**TRY IT**
Leave every picture out, and print the full listing again exactly.
╭─ SOURCE INFORMATION
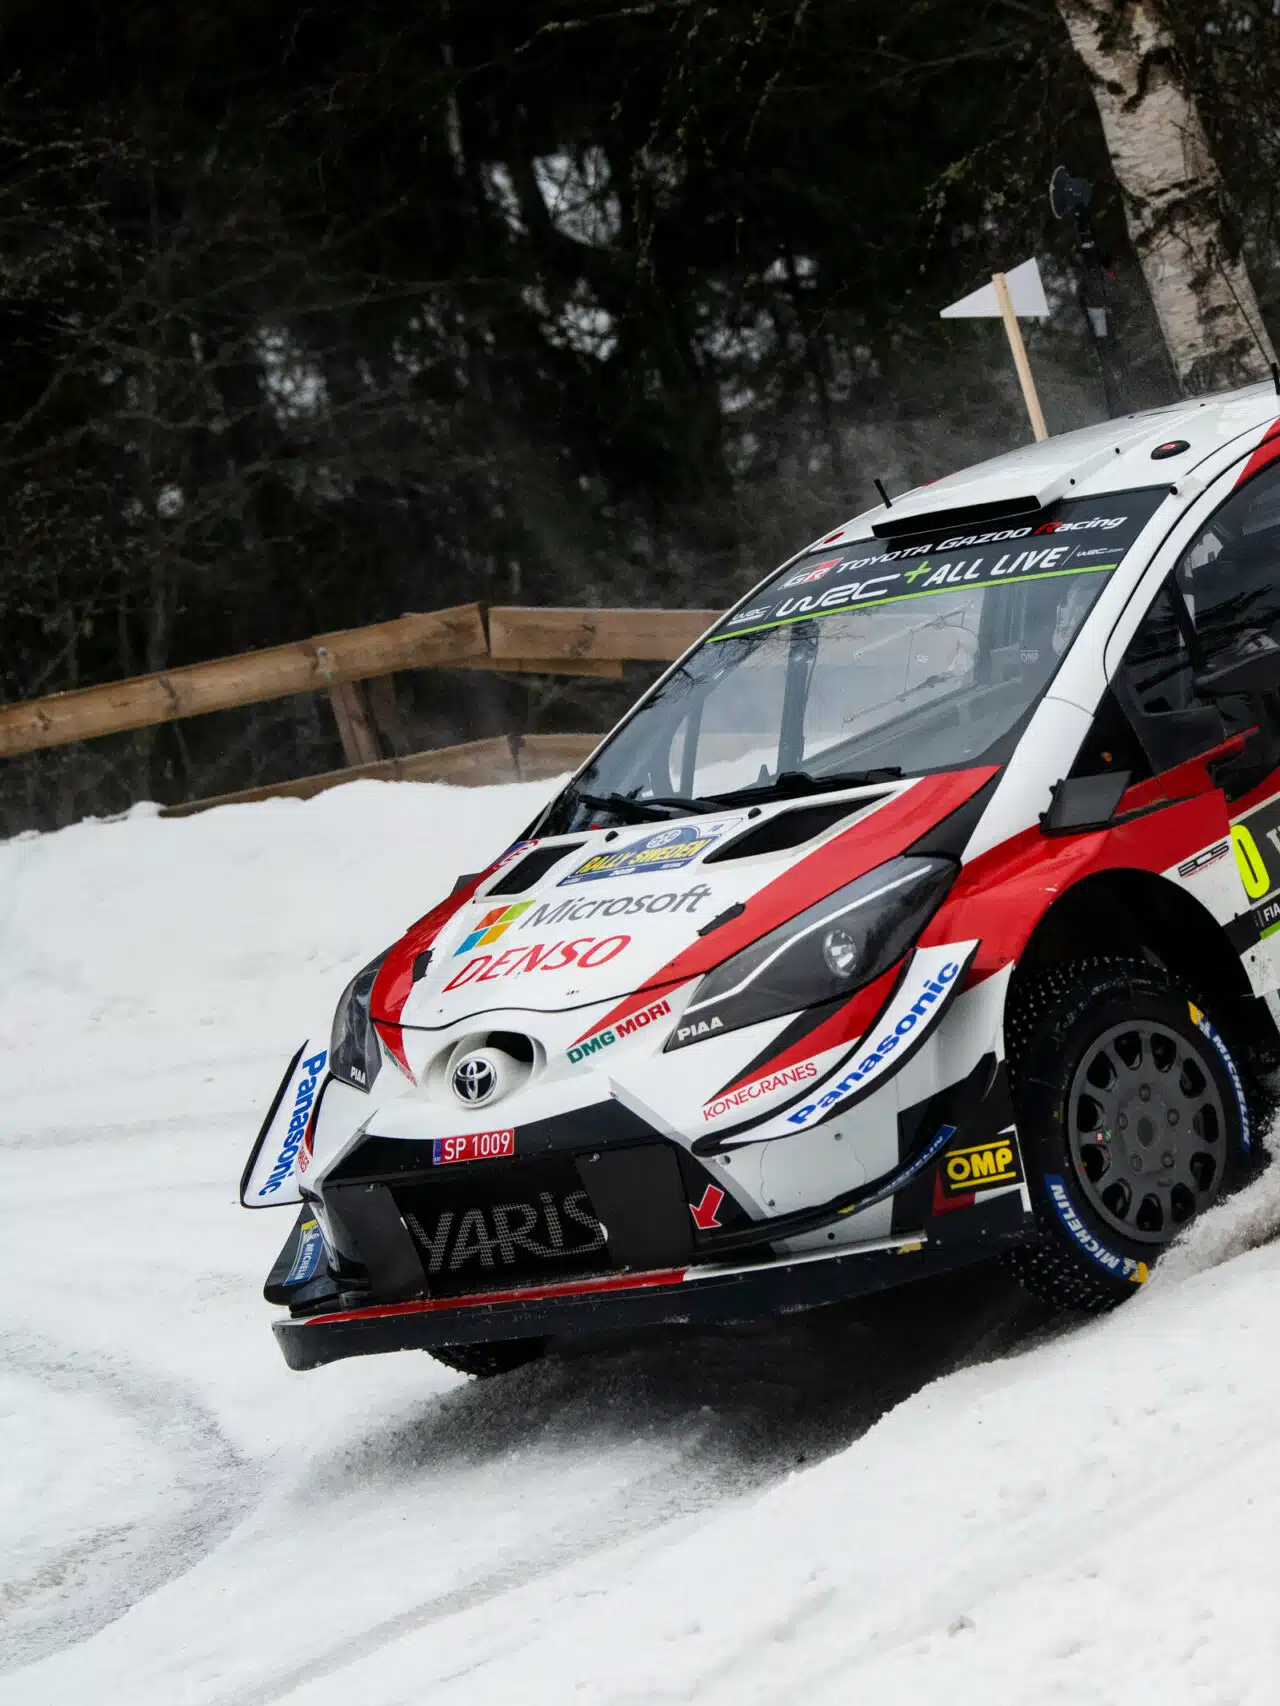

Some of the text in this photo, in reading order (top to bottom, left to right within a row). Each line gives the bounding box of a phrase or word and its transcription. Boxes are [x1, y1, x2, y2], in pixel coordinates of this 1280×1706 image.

[836, 544, 933, 573] TOYOTA
[936, 527, 1032, 551] GAZOO
[1034, 516, 1128, 535] Racing
[921, 558, 984, 587] ALL
[991, 546, 1070, 576] LIVE
[575, 851, 633, 875] RALLY
[629, 838, 713, 865] SWEDEN
[518, 883, 713, 930] Microsoft
[442, 935, 632, 993] DENSO
[566, 1000, 671, 1065] DMG MORI
[677, 1016, 724, 1042] PIAA
[787, 961, 960, 1125] Panasonic
[350, 1065, 366, 1085] PIAA
[702, 1061, 818, 1122] KONECRANES
[1211, 1033, 1250, 1146] MICHELIN
[258, 1049, 329, 1197] Panasonic
[444, 1132, 510, 1161] SP 1009
[946, 1146, 1014, 1182] OMP
[1049, 1183, 1118, 1270] MICHELIN
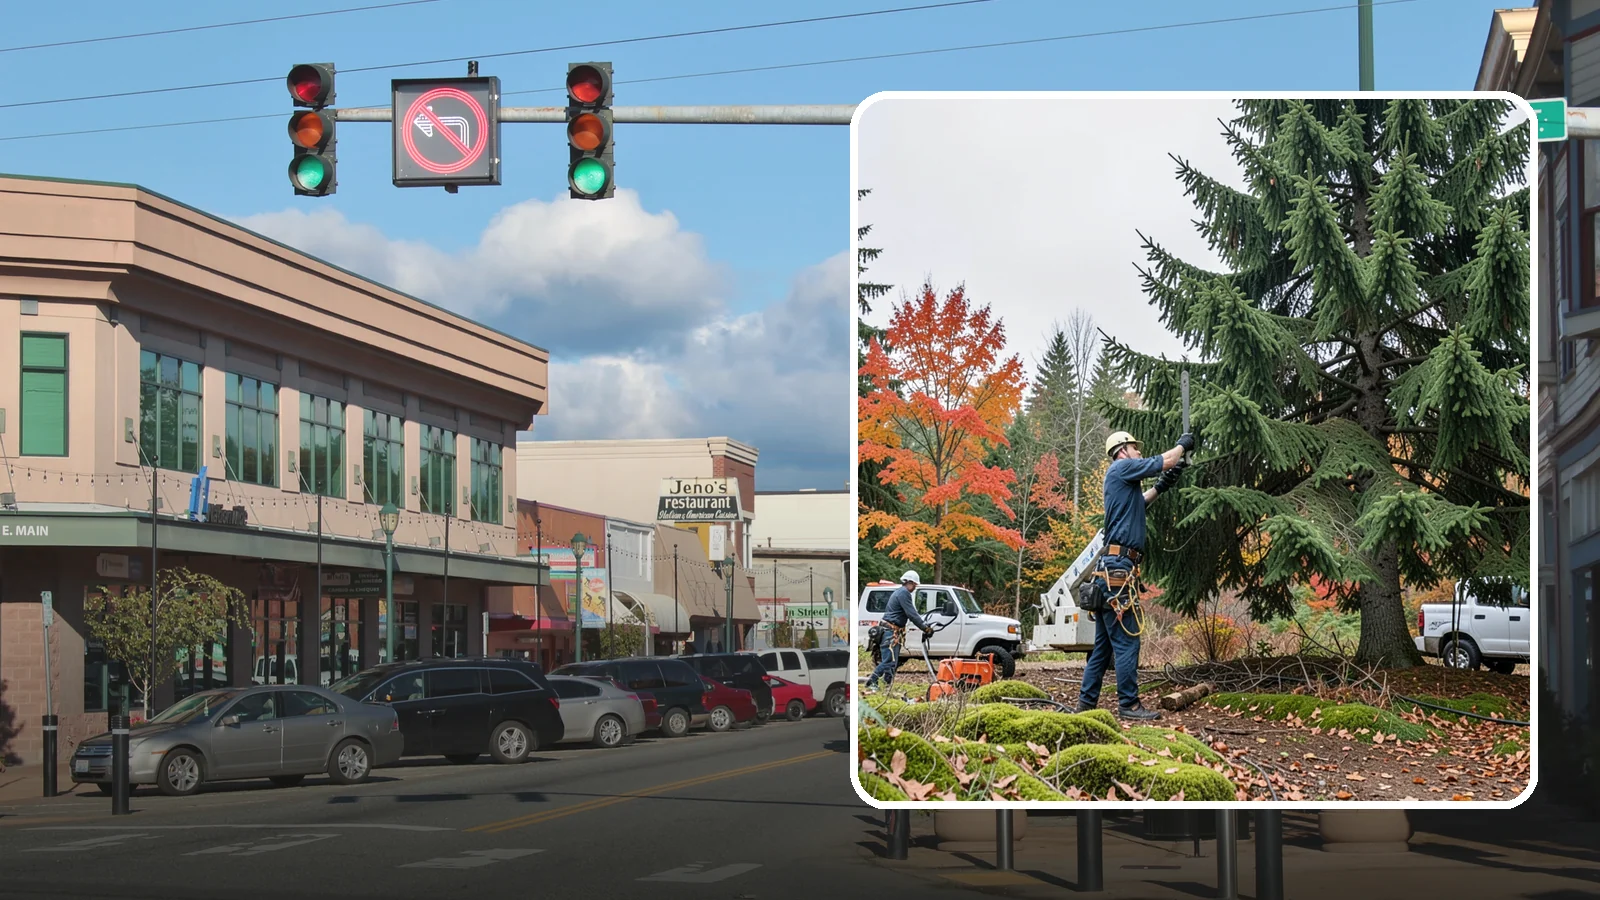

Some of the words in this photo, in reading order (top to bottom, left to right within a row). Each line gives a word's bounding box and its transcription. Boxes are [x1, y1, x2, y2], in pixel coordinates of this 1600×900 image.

[670, 480, 727, 494] Jeno's
[665, 497, 731, 509] restaurant
[659, 510, 681, 519] Italian
[686, 510, 714, 519] American
[715, 510, 737, 519] Cuisine
[2, 525, 13, 536] E.
[15, 525, 49, 536] MAIN
[797, 607, 828, 617] Street
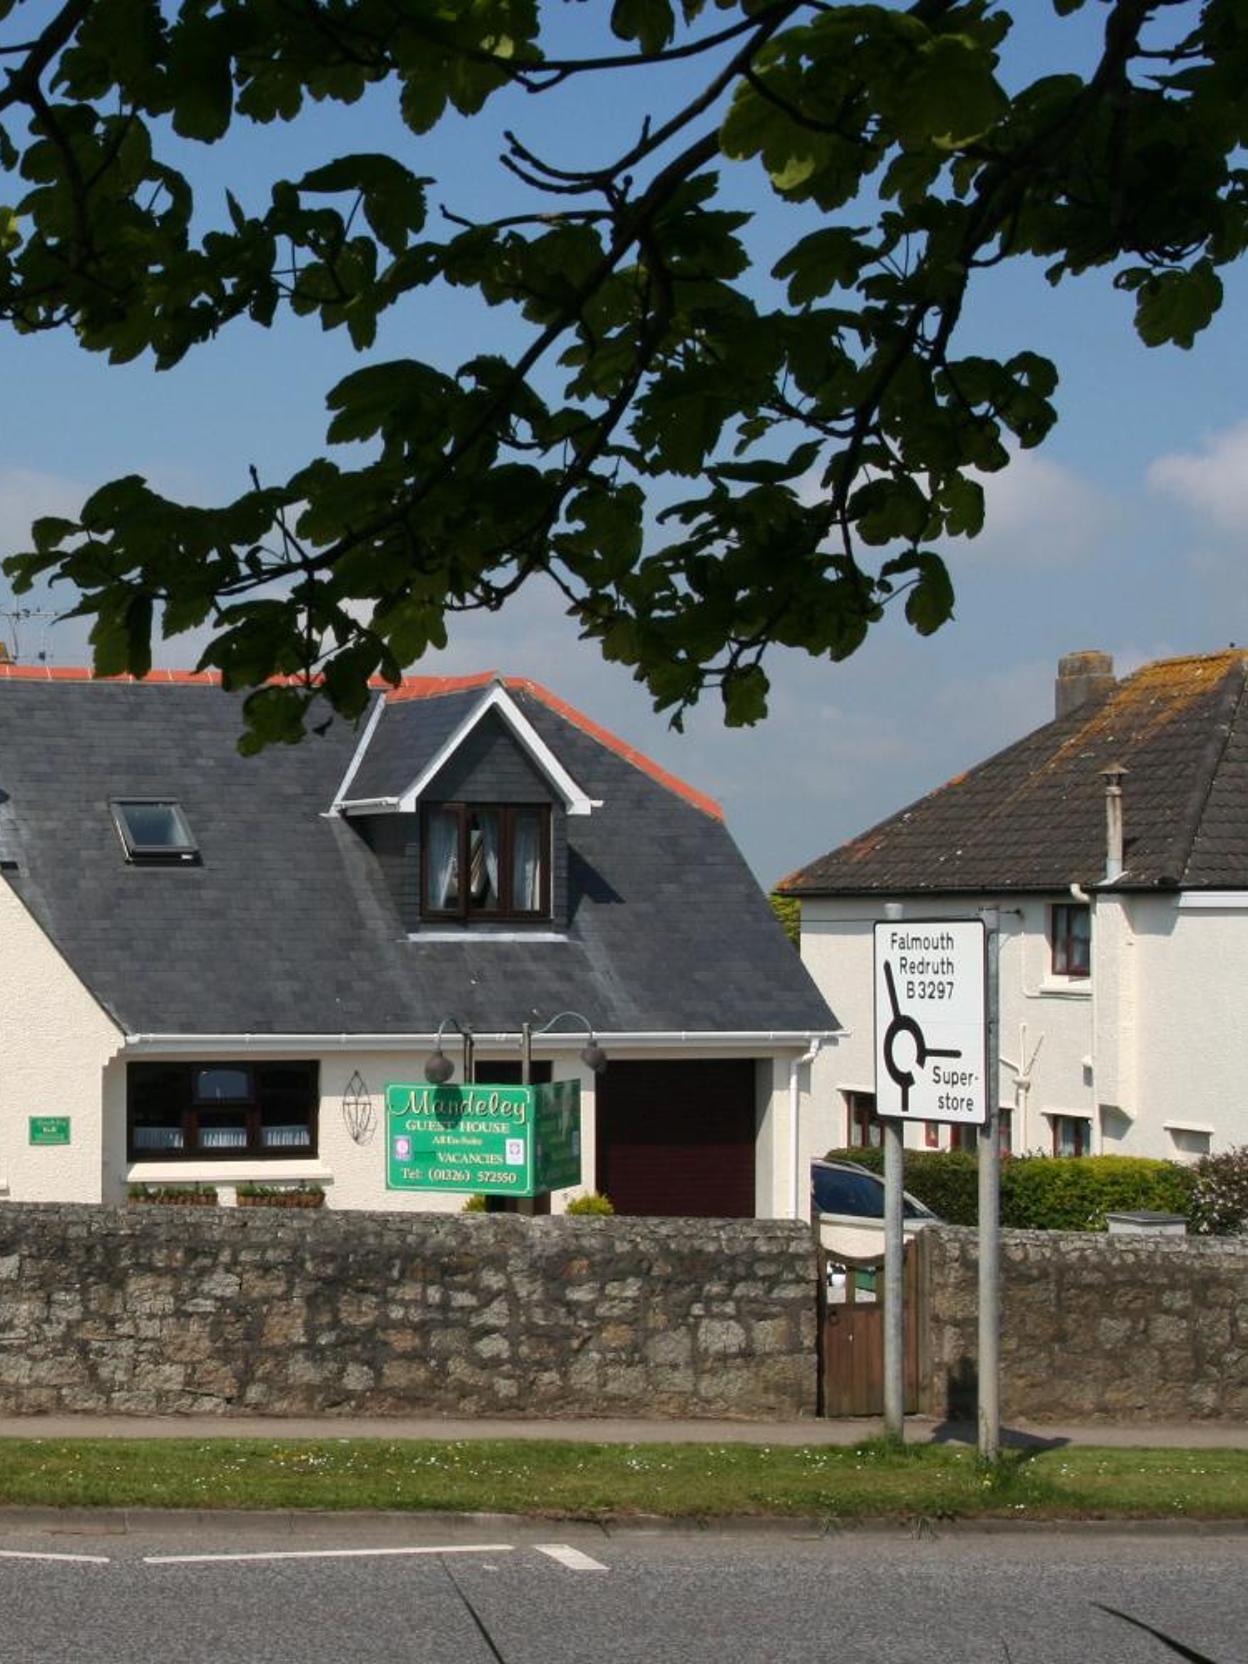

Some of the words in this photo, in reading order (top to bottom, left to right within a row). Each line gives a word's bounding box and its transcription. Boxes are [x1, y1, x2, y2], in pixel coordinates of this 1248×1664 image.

[890, 932, 954, 950] Falmouth
[899, 956, 955, 975] Redruth
[932, 1066, 979, 1088] Super-
[389, 1091, 525, 1124] Mandeley
[937, 1094, 974, 1112] store
[406, 1121, 454, 1132] GUEST
[461, 1122, 510, 1133] HOUSE
[439, 1153, 504, 1164] VACANCIES
[477, 1171, 517, 1183] 572550
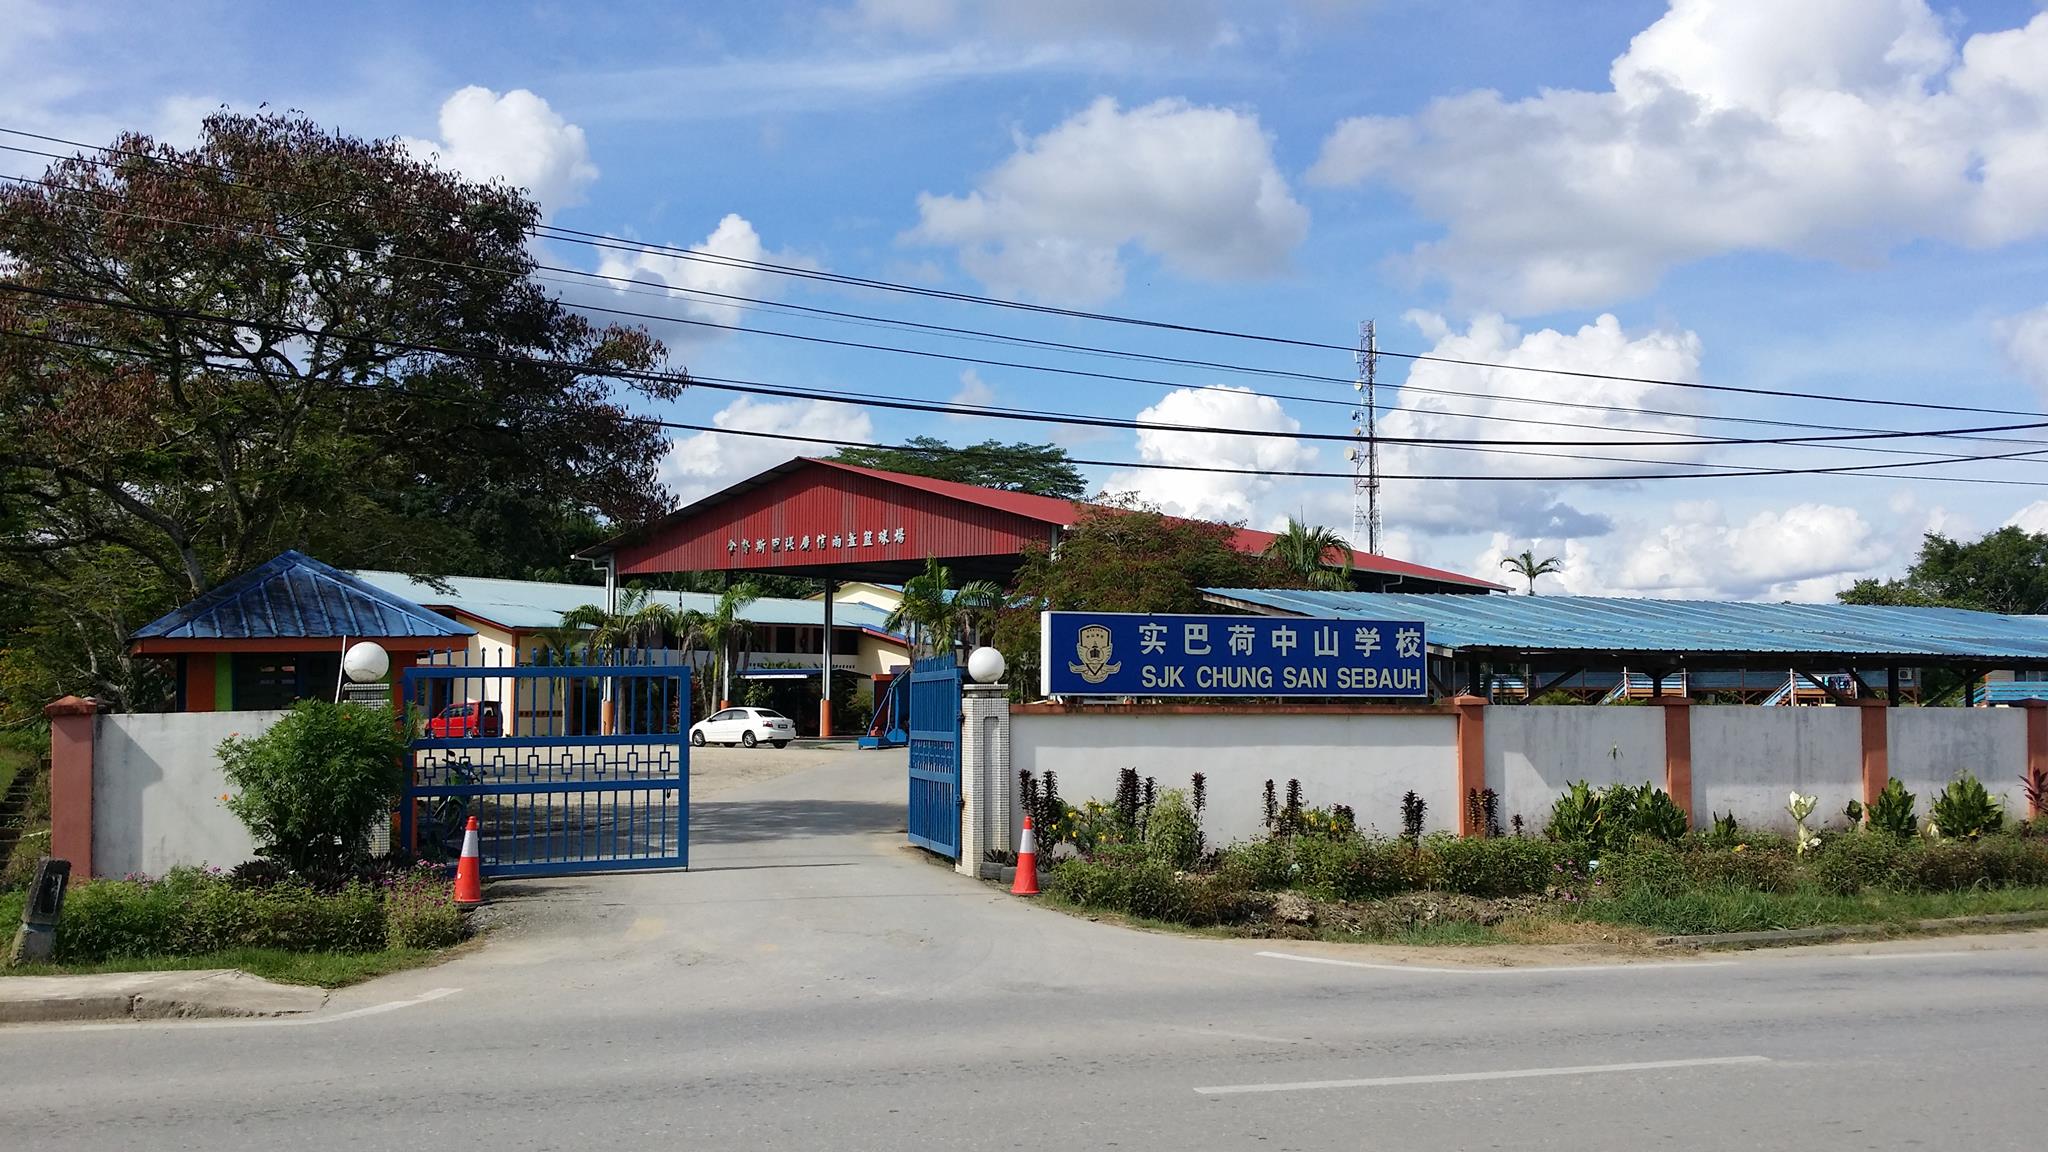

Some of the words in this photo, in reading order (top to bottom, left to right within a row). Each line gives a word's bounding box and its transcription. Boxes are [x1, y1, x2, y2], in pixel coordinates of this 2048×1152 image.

[1138, 622, 1421, 659] 实巴荷中山学校
[1141, 664, 1185, 688] SJK
[1196, 665, 1273, 689] CHUNG
[1282, 666, 1327, 689] SAN
[1337, 667, 1421, 690] SEBAUH
╰─
**OUTPUT FOR THIS EXERCISE**
Some of the text in this photo, in reading order (top to bottom, left to right within a row). Each line gives the bounding box of a phrase or word and its transcription. Boxes are [x1, y1, x2, y2], in pixel coordinates of this 1280×1706 image.

[836, 544, 933, 573] TOYOTA
[936, 527, 1032, 551] GAZOO
[1034, 516, 1128, 535] Racing
[921, 558, 984, 587] ALL
[991, 546, 1070, 576] LIVE
[575, 851, 633, 875] RALLY
[629, 838, 713, 865] SWEDEN
[518, 883, 713, 930] Microsoft
[442, 935, 632, 993] DENSO
[566, 1000, 671, 1065] DMG MORI
[677, 1016, 724, 1042] PIAA
[787, 961, 960, 1125] Panasonic
[350, 1065, 366, 1085] PIAA
[702, 1061, 818, 1122] KONECRANES
[1211, 1033, 1250, 1146] MICHELIN
[258, 1049, 329, 1197] Panasonic
[444, 1132, 510, 1161] SP 1009
[946, 1146, 1014, 1182] OMP
[1049, 1183, 1118, 1270] MICHELIN

Some of the words in this photo, in reading order (top to bottom, left to right within a row). Each line gives a word's bounding box and its transcription. Boxes are [x1, y1, x2, y2], in pixel coordinates of this 1600×900 image.

[670, 480, 727, 494] Jeno's
[665, 497, 731, 509] restaurant
[659, 510, 681, 519] Italian
[686, 510, 714, 519] American
[715, 510, 737, 519] Cuisine
[2, 525, 13, 536] E.
[15, 525, 49, 536] MAIN
[797, 607, 828, 617] Street

Some of the words in this photo, in reading order (top to bottom, left to right within a row). Each line gives a word's bounding box and its transcription. Boxes are [x1, y1, x2, y2], in pixel coordinates of this 1248×1664 image.

[890, 932, 954, 950] Falmouth
[899, 956, 955, 975] Redruth
[932, 1066, 979, 1088] Super-
[389, 1091, 525, 1124] Mandeley
[937, 1094, 974, 1112] store
[406, 1121, 454, 1132] GUEST
[461, 1122, 510, 1133] HOUSE
[439, 1153, 504, 1164] VACANCIES
[477, 1171, 517, 1183] 572550

Some of the words in this photo, in reading order (top to bottom, left to right within a row). Each line gives a word's bounding box and its transcription. Boxes are [x1, y1, x2, y2], in pixel coordinates of this 2048×1152 image.

[1138, 622, 1421, 659] 实巴荷中山学校
[1141, 664, 1185, 688] SJK
[1196, 665, 1273, 689] CHUNG
[1282, 666, 1327, 689] SAN
[1337, 667, 1421, 690] SEBAUH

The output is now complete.